What does this add up to? Severe drought, decreasing water supplies, and major threat of wildfire, not to mention the danger of the heat itself. Extreme heat is one of the deadliest consequences of the climate crisis, and as the temperature creeps up so too does the risk it poses to us all.
Fortunately, we have the solutions to the climate crisis and to extreme heat in particular. California’s budget last year included $800 million over the next two years to address this issue. Lawmakers have proposed bills to protect us from increasing temperatures, and the state released its Extreme Heat Action Plan this spring.
We need to keep electing legislators who not only vote in favor of policies that combat the climate crisis but also are willing to get their hands dirty to find and implement solutions.
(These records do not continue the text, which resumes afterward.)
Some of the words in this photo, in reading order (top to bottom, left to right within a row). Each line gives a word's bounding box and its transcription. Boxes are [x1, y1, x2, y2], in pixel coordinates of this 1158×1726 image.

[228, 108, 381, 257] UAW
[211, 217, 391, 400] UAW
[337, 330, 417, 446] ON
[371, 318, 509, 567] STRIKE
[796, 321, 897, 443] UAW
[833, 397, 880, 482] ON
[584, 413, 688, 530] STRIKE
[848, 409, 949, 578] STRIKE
We also need to do things on our own to mitigate the heat in our own homes and communities. Here are some tips for keeping cool this summer, so you can not just manage the heat but thrive this summer:
Stay hydrated. It may seem overly simple, but it’s crucial: Make sure you are drinking enough water and liquids on hot days (and all days!). Don’t just drink when you are thirsty.
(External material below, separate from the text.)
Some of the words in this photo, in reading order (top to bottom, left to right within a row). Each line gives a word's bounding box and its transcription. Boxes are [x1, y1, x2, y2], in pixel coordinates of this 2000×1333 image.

Limit outside time. Run errands in the mornings or evenings when it’s a little cooler. Put on some sunscreen. Opt for wearing loose clothing with light fabrics and colors. Try to spend as much time in the shade as possible when you’re outside. Park your car in the shade or use a covering to shield the sun.
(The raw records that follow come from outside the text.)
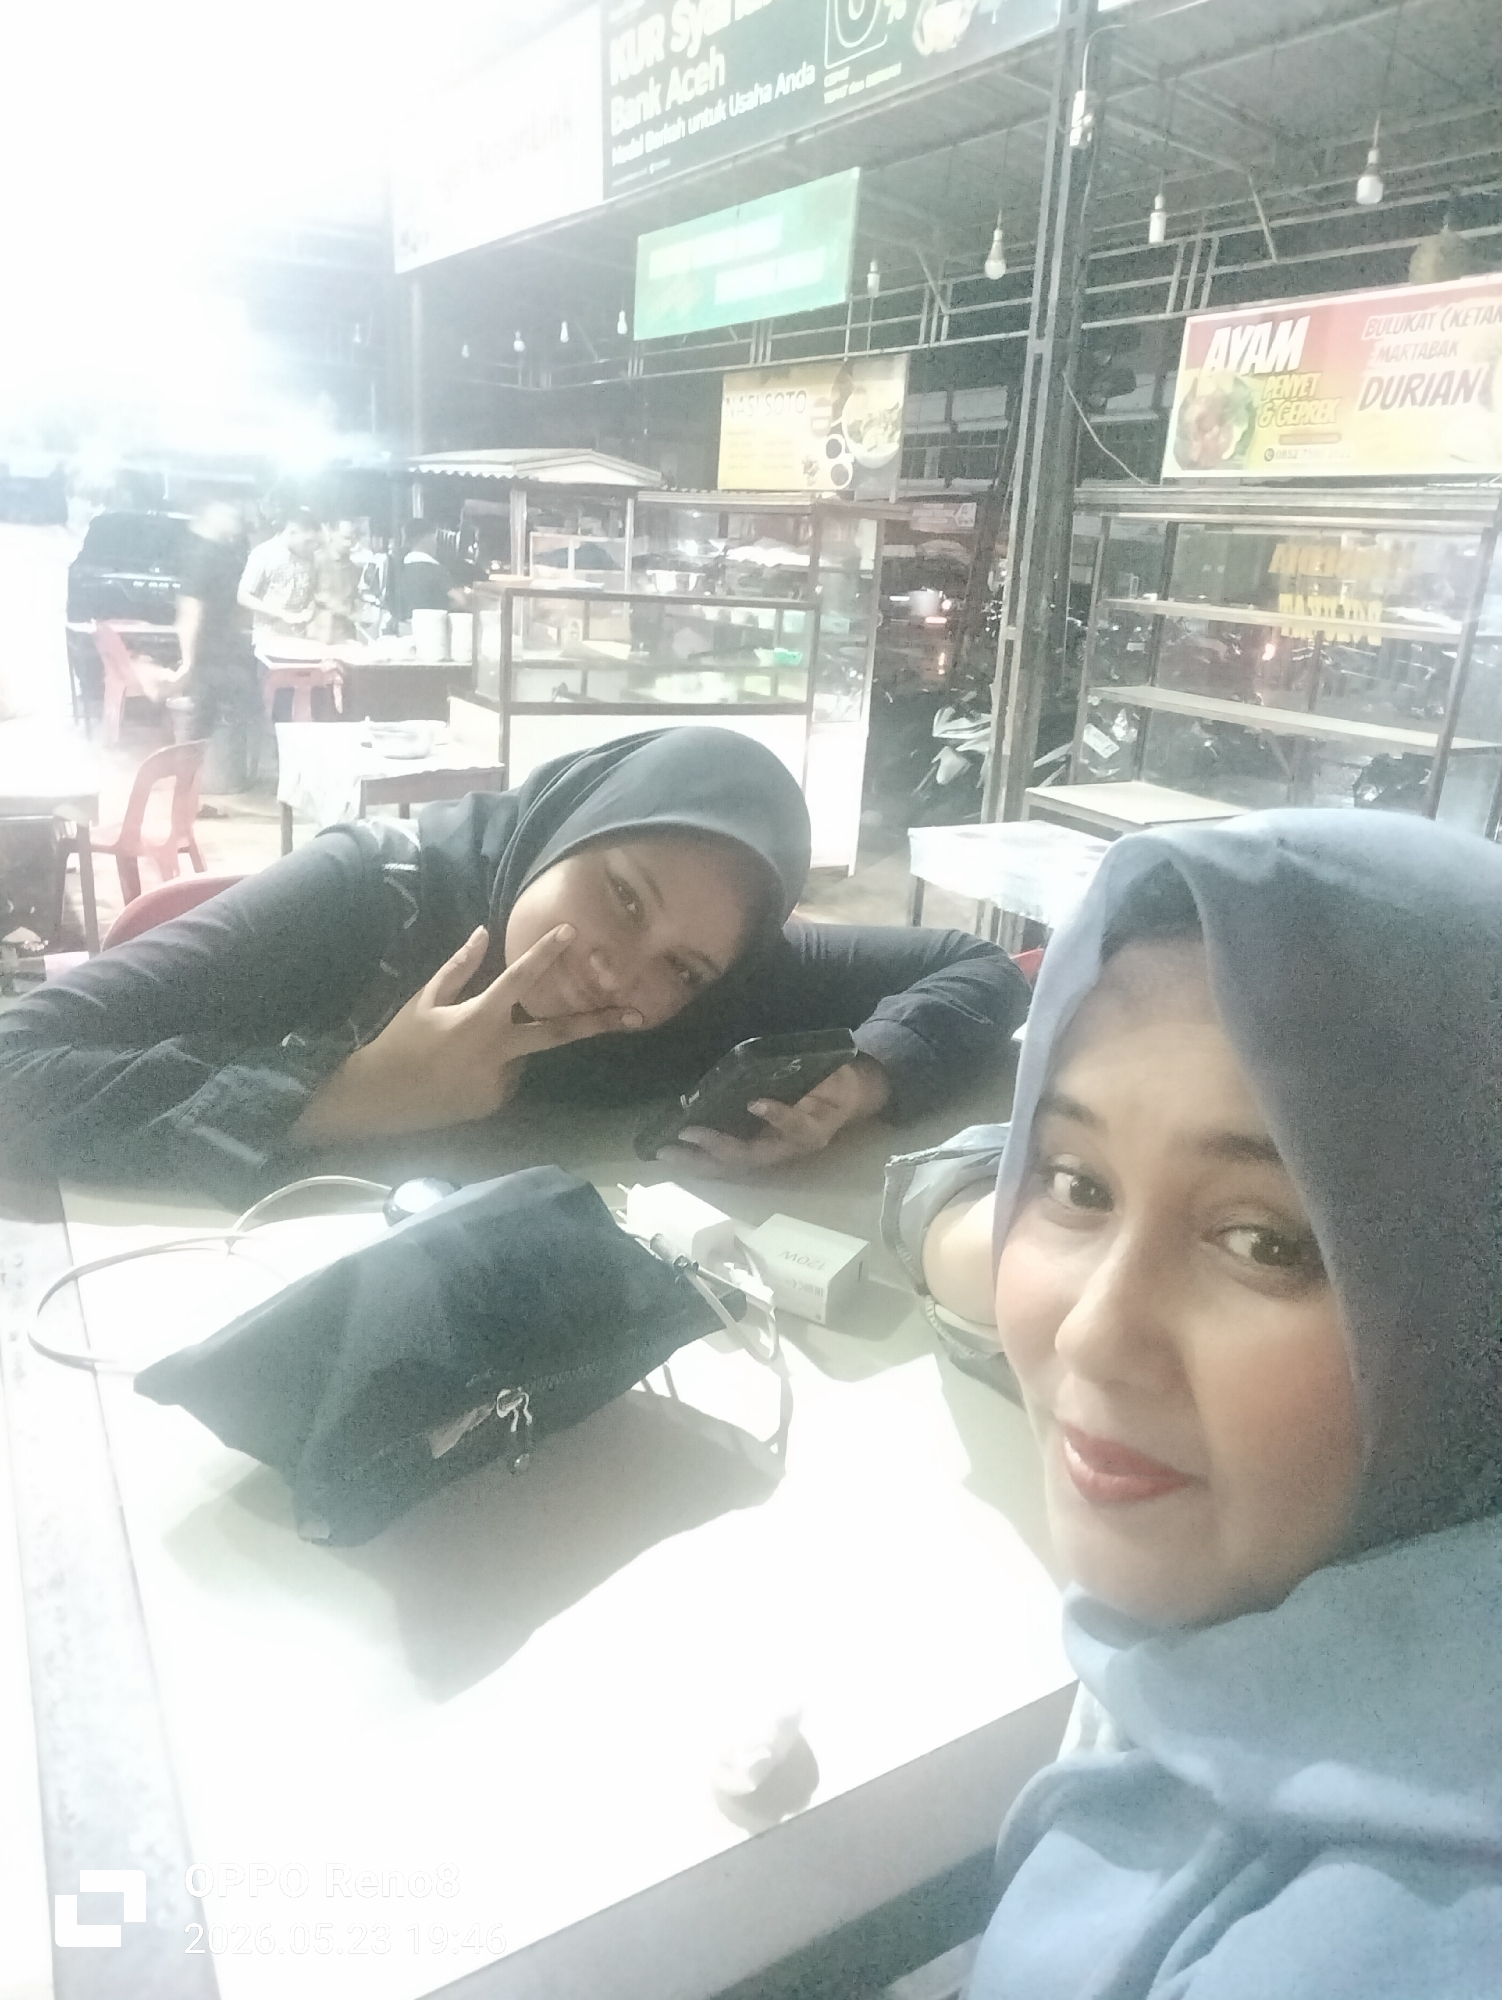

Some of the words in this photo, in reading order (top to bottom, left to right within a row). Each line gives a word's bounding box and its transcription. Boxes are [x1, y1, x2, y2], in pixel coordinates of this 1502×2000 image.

[610, 13, 665, 86] KUR
[611, 76, 661, 136] Bank
[666, 46, 725, 110] Aceh
[688, 99, 727, 135] untuk
[728, 82, 772, 118] Usaha
[774, 59, 816, 99] Anda
[1365, 312, 1437, 337] BULUKAT
[1201, 316, 1311, 377] AYAM
[1375, 339, 1460, 363] MARTABAK
[765, 389, 807, 416] SOTO
[1262, 373, 1321, 401] PENYET
[1358, 367, 1485, 411] DURIAN
[778, 1250, 826, 1271] 120W
Air conditioning. Use AC when necessary (though keep in mind the increased energy use and risk of blackouts). If your home doesn’t have air conditioning, consider spending part of your day somewhere that does, whether it’s a friend’s home, shopping mall, library, or cooling center. Check here to find a cooling center near you.
Home installations. If you are able to, install any of the following measures in your own home: insulation, double-paned windows, window shading, air sealing, cool roofs, or rooftop solar panels.
Check up on others. Check on your friends, family, and neighbors, especially children and those who are older or have medical conditions exacerbated by the heat.
Do NOTs. Don’t leave people or pets in the car, at all; don’t engage in strenuous physical activities outside in the high heat (it’s not worth it, go when it’s cooler in the morning or evening); don’t overdo eating hot, heavy meals.